**The task**
Omit all pictures, then repeat the listing exactly.

**Recorded information**
+--

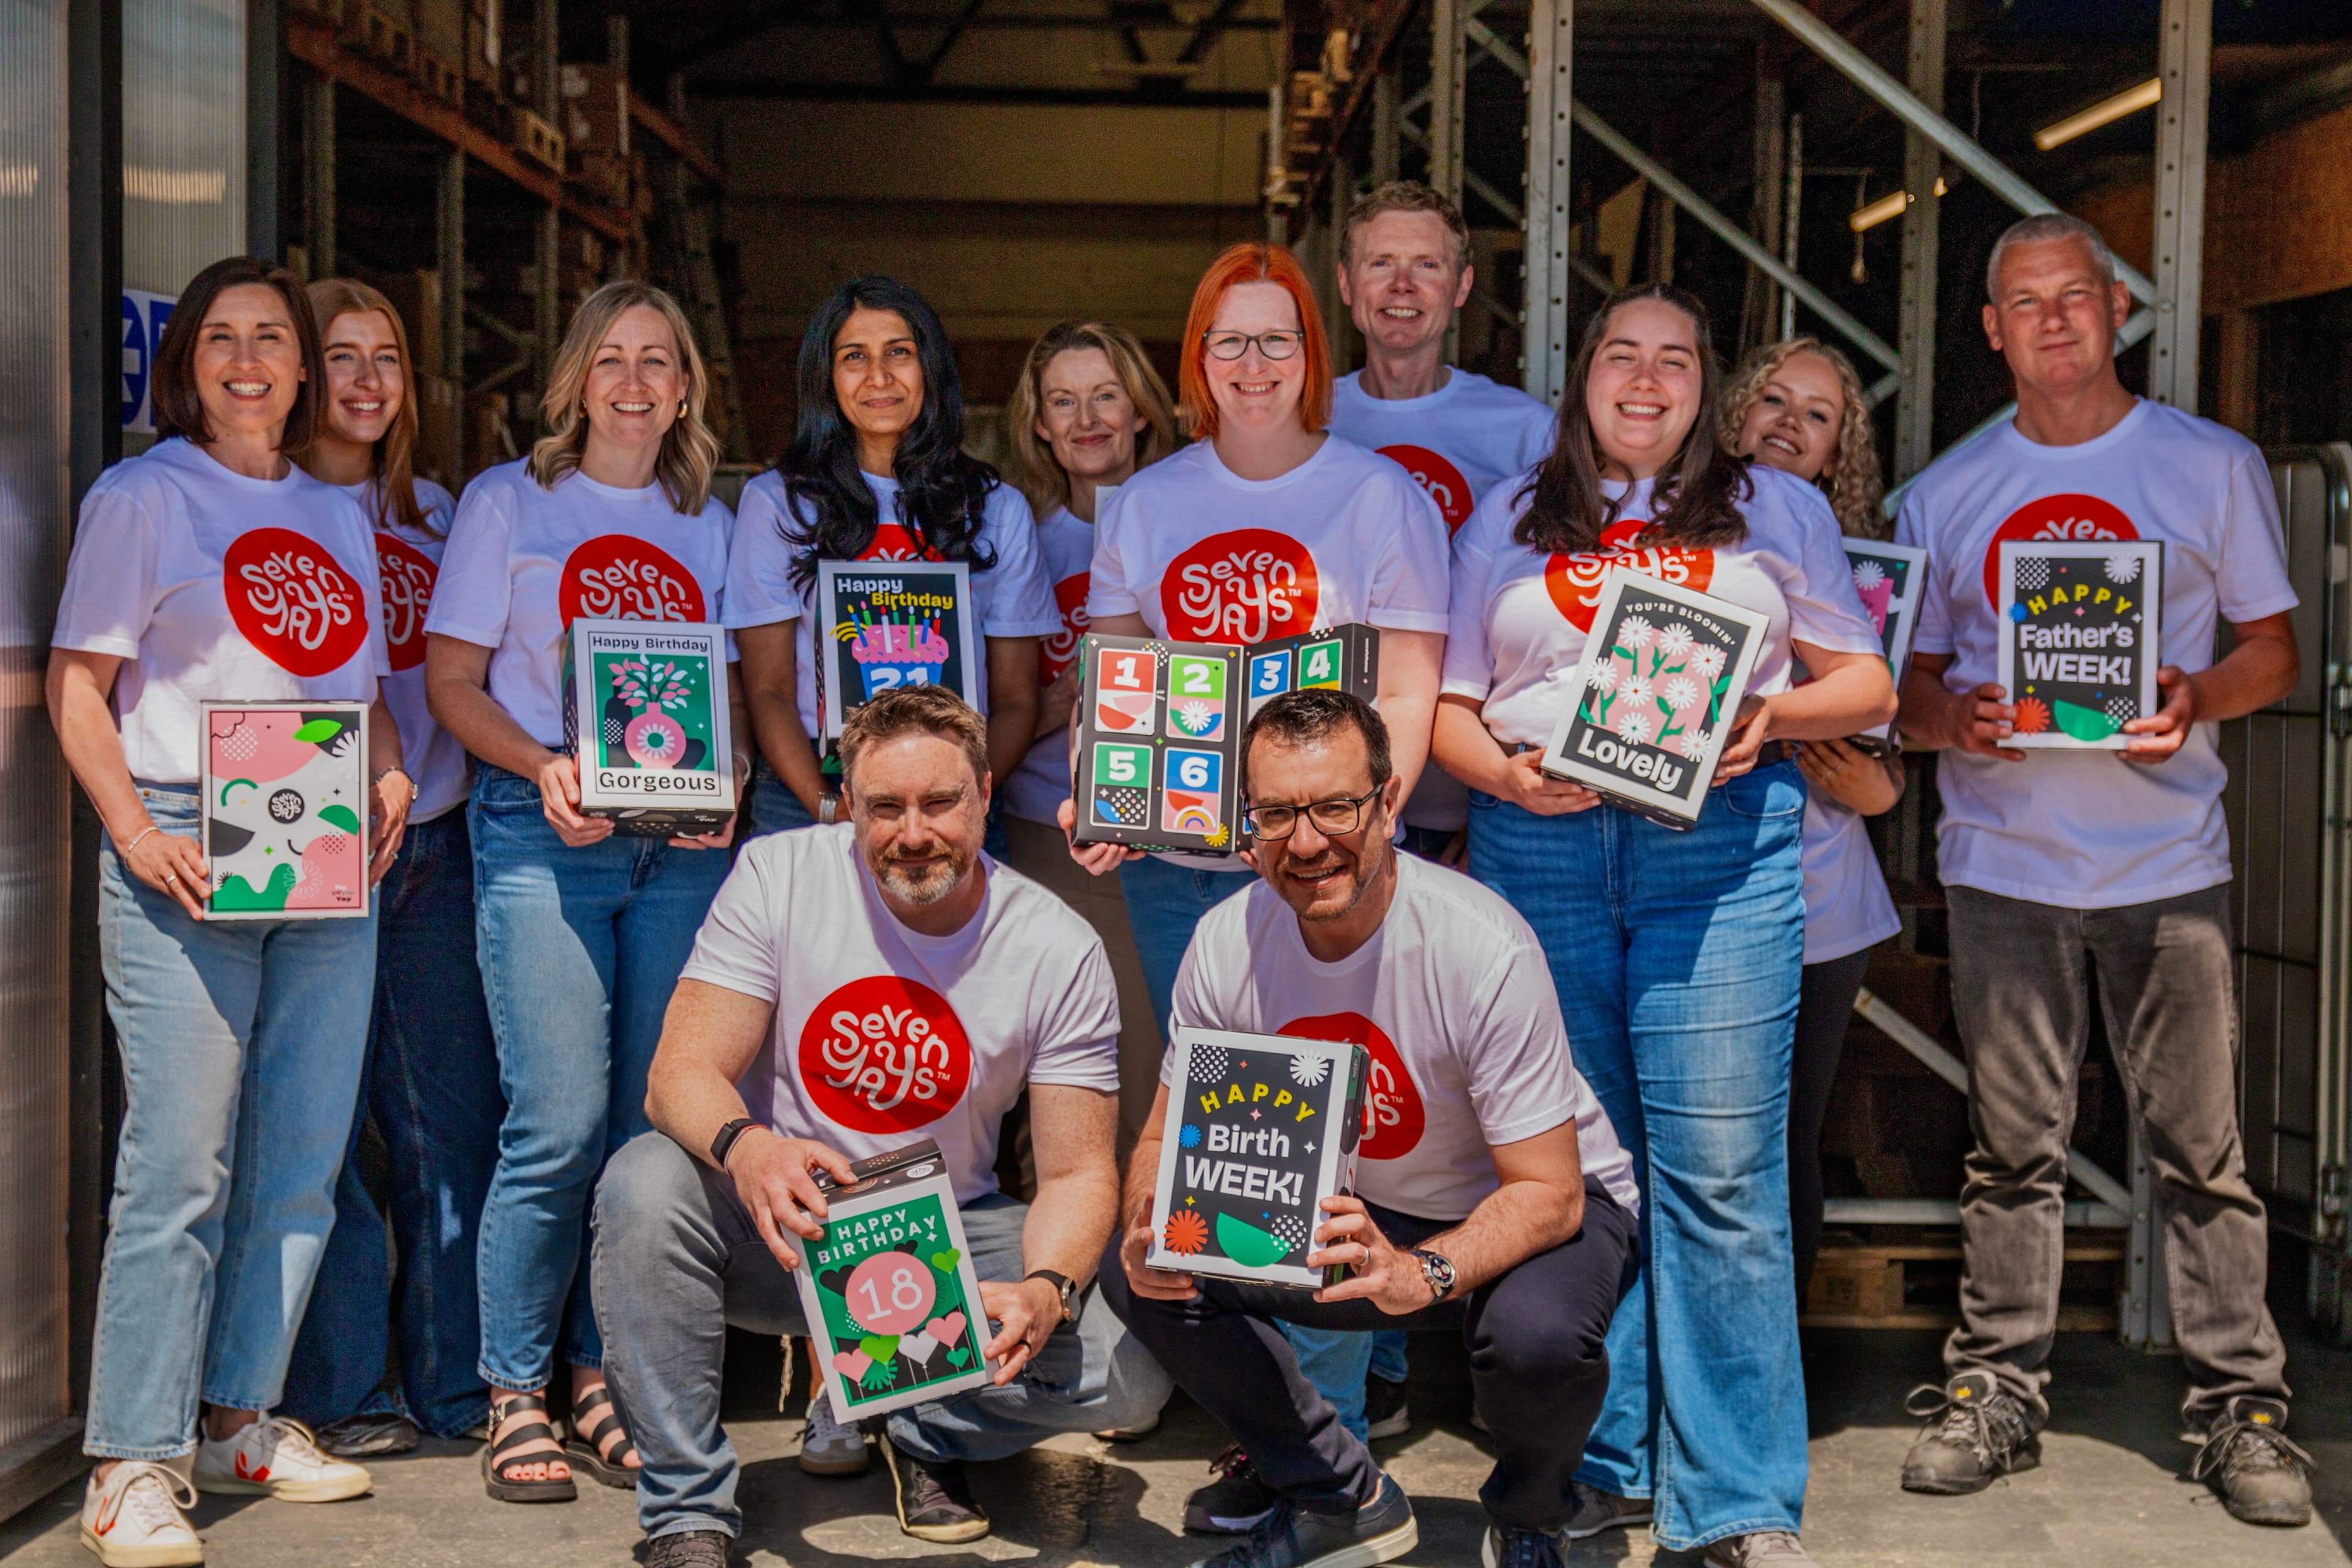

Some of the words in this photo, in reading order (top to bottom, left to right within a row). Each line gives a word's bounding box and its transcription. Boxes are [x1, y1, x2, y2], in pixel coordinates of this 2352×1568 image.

[837, 578, 903, 594] Happy
[872, 592, 954, 609] Birthday
[2027, 584, 2133, 616] HAPPY
[1626, 601, 1674, 613] YOU'RE
[1679, 606, 1736, 646] BLOOMIN'
[2019, 621, 2134, 649] Father's
[593, 636, 639, 649] Happy
[646, 638, 708, 652] Birthday
[1114, 657, 1140, 688] 1
[1183, 663, 1212, 693] 2
[1259, 660, 1282, 691] 3
[1307, 648, 1331, 679] 4
[2023, 651, 2132, 686] WEEK!
[870, 667, 929, 694] 21
[1109, 751, 1136, 782] 5
[1180, 756, 1208, 788] 6
[1577, 728, 1684, 792] Lovely
[600, 772, 716, 791] Gorgeous
[831, 1004, 949, 1069] Seven
[1199, 1083, 1316, 1122] HAPPY
[1207, 1123, 1290, 1158] Birth
[1185, 1155, 1305, 1206] WEEK!
[817, 1215, 936, 1265] BIRTHDAY
[837, 1208, 907, 1240] HAPPY
[858, 1268, 922, 1321] 18

+--

**Answer for this exercise**
Some of the words in this photo, in reading order (top to bottom, left to right within a row). Each line gives a word's bounding box and its transcription. Boxes are [x1, y1, x2, y2], in pixel coordinates of this 2352×1568 image.

[837, 578, 903, 594] Happy
[872, 592, 954, 609] Birthday
[2027, 584, 2133, 616] HAPPY
[1626, 601, 1674, 613] YOU'RE
[1679, 606, 1736, 646] BLOOMIN'
[2019, 621, 2134, 649] Father's
[593, 636, 639, 649] Happy
[646, 638, 708, 652] Birthday
[1114, 657, 1140, 688] 1
[1183, 663, 1212, 693] 2
[1259, 660, 1282, 691] 3
[1307, 648, 1331, 679] 4
[2023, 651, 2132, 686] WEEK!
[870, 667, 929, 694] 21
[1109, 751, 1136, 782] 5
[1180, 756, 1208, 788] 6
[1577, 728, 1684, 792] Lovely
[600, 772, 716, 791] Gorgeous
[831, 1004, 949, 1069] Seven
[1199, 1083, 1316, 1122] HAPPY
[1207, 1123, 1290, 1158] Birth
[1185, 1155, 1305, 1206] WEEK!
[817, 1215, 936, 1265] BIRTHDAY
[837, 1208, 907, 1240] HAPPY
[858, 1268, 922, 1321] 18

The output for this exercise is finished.